After graduating from Connecticut University, Carver earned a bachelor’s degree at the University of Florida and then worked as a nurse and a nurse practitioner. She obtained a law degree from Florida Coastal School of Law and a post-doctorate degree in elder law from Stetson University. After working in elder law, she became a magistrate as well as a court administrator. She remained a magistrate from 2016 until the beginning of this year, when the position went unfunded.

As magistrate, Carver presided over five courts that addressed specific issues: mental health, drug-related offenses, family law, dependency, and civil traffic. She said in almost all the cases brought before her the underlying issue was substance abuse, mental health, or domestic violence, which is why she calls them “problem-solving courts.”

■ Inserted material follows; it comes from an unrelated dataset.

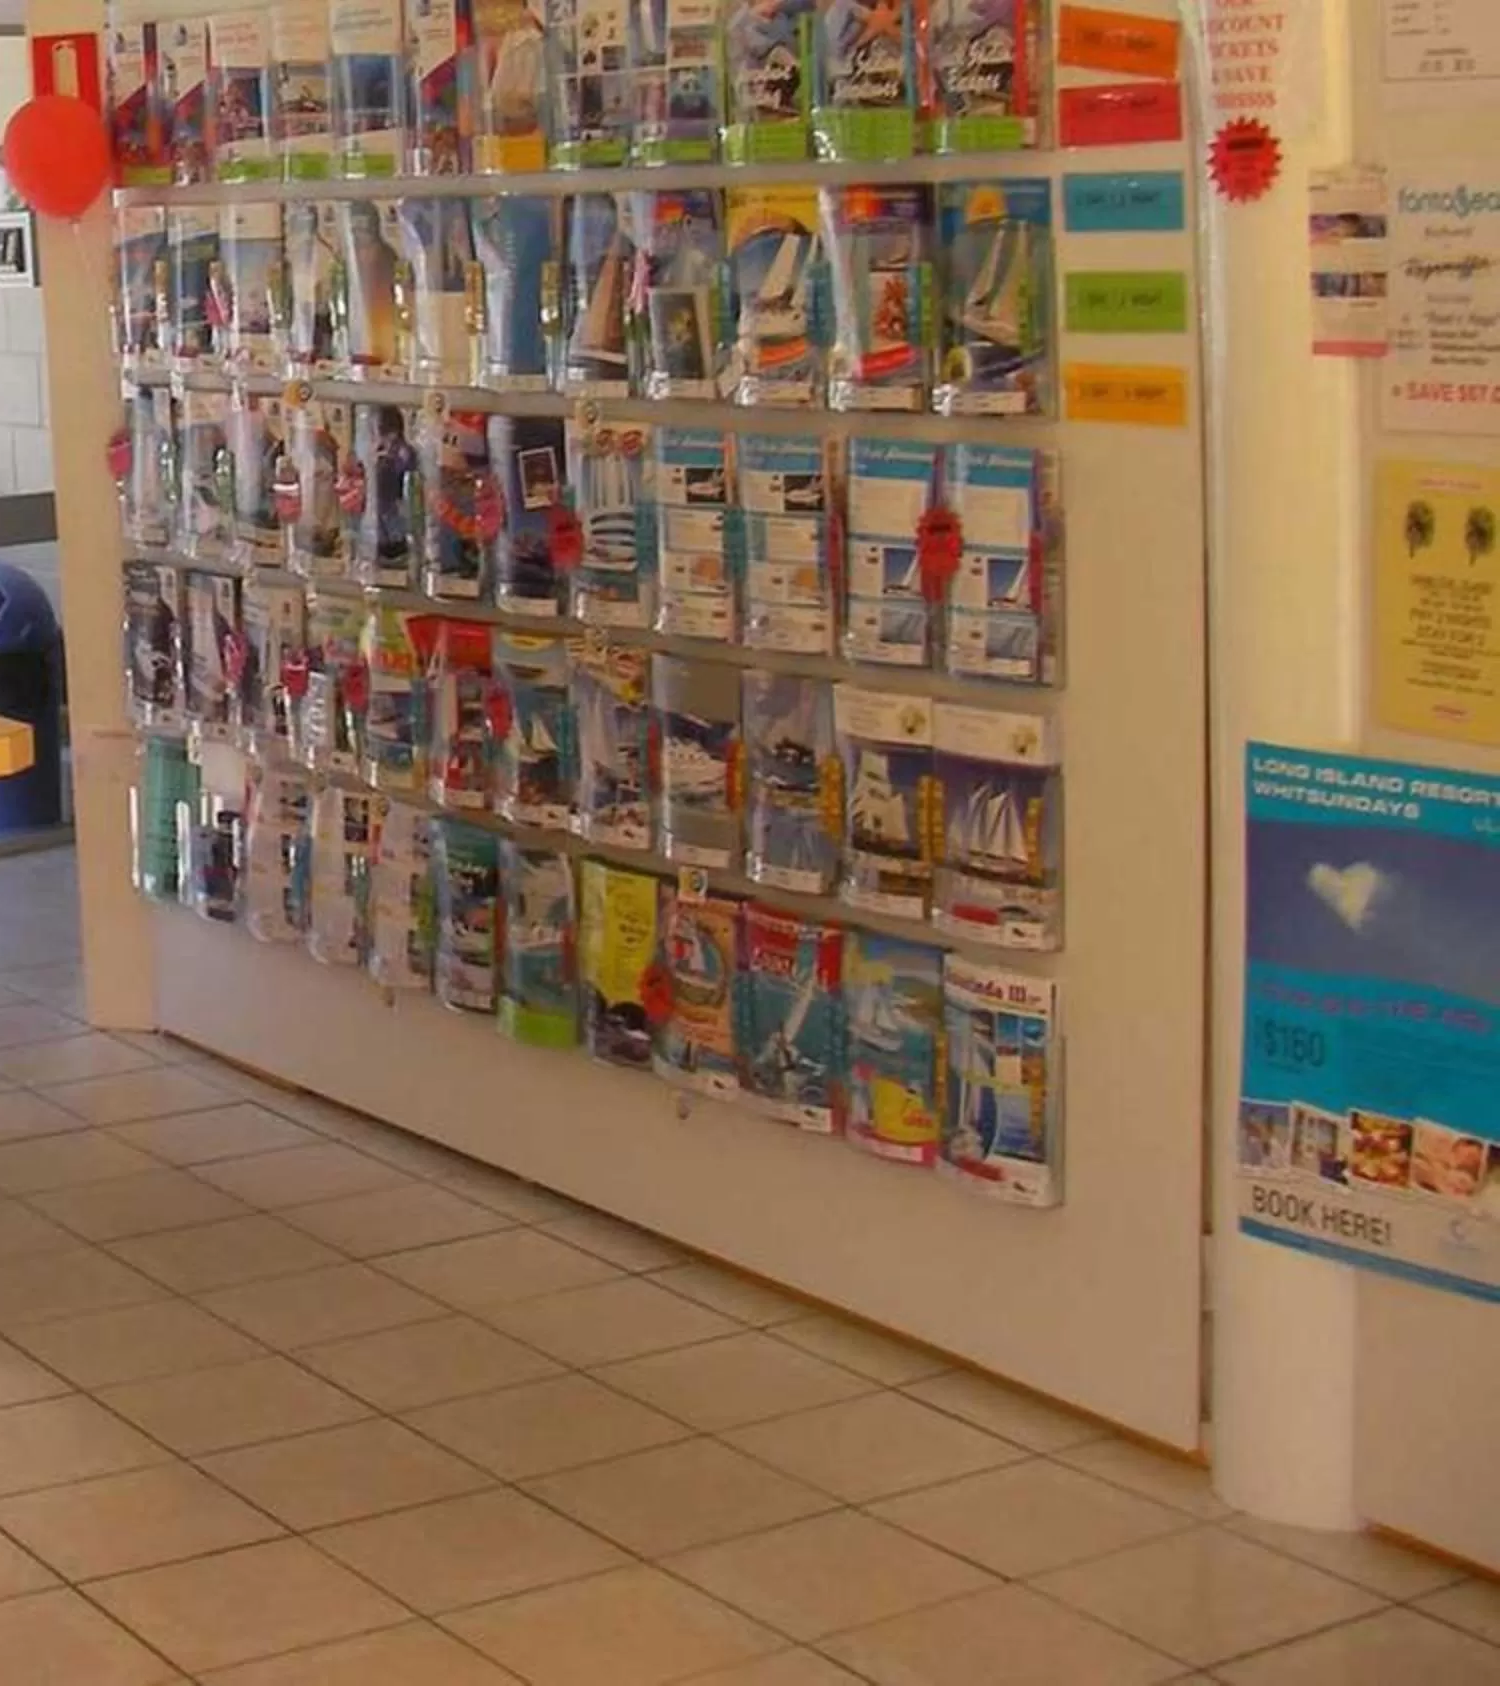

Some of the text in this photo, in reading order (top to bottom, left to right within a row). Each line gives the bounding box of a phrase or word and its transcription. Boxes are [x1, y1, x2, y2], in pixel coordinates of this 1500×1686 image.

“I like problem-solving courts because we can actually get to society’s problems,” Carver said. “What you’re trying to do is get to the underlying issue and get (the defendants) the help they need. Why are you behaving badly? Are you stealing because you need money to go buy drugs? Is it because you’re homeless? If you can help them, you help the rest of society, because they’re not going to keep coming back. They go on and are hopefully productive
and get past whatever got them into trouble so that they can move on and enjoy life.”

Through her career as a nurse practitioner (she still practices one day a week), her volunteer work with local nonprofits Barnabas Center and Nassau County Council on Aging, and her time spent as a magistrate, Carver said she has become familiar with the resources that can support people who end up in court due to an underlying problem.

“I think that’s huge – knowing what’s available in the county to help people,” she said “I know how the system works from being the court administrator and what we need from that perspective, and I know how to do the job from being the magistrate, and the resources I know because of being a nurse practitioner and a magistrate.”

Carver said the legal system should look beyond punishment toward producing the best outcome.

“I would love to see us release … people (on their own recognizance) instead of putting them in jail,” she said, and explained how that approach can help.

“If they are working, and we put them in jail and keep them there by setting a bond they can’t pay, which most of them can’t, then they lose their job,” Carver said. “If it’s some low-level crime, why don’t we just let them out and give them a notice to appear? They still have to deal with the issue, but unless there’s a problem with them doing something again, why put them in jail? It costs us money. I think we’re going in that direction, but there’s old school thoughts.

“My feeling is, if they don’t have a record and they’re not a danger to society, deal with whatever you did but let them go back to work. The first day on the bench, I could make a difference. I know I made a difference as a magistrate. People would tell me I did.”

In addition to her other volunteer work, Carver is involved with Jacksonville Area Legal Aid and is the current president of the Robert M. Foster Nassau County American Inn of Court, the local chapter of the American Inns of Court, a national organization that promotes professionalism, integrity, and ethics in the legal community.

Carver said looking at the story of the person before her will be her priority as a judge.

“Judges don’t judge people. They judge behavior and they try to solve problems,” she said. “That’s my perspective. There’s a lot of very nice, smart people who do some dumb things. So, you’ve made a mistake. You’ve got to pay the price, but let’s fix it, and let’s get you back on track.”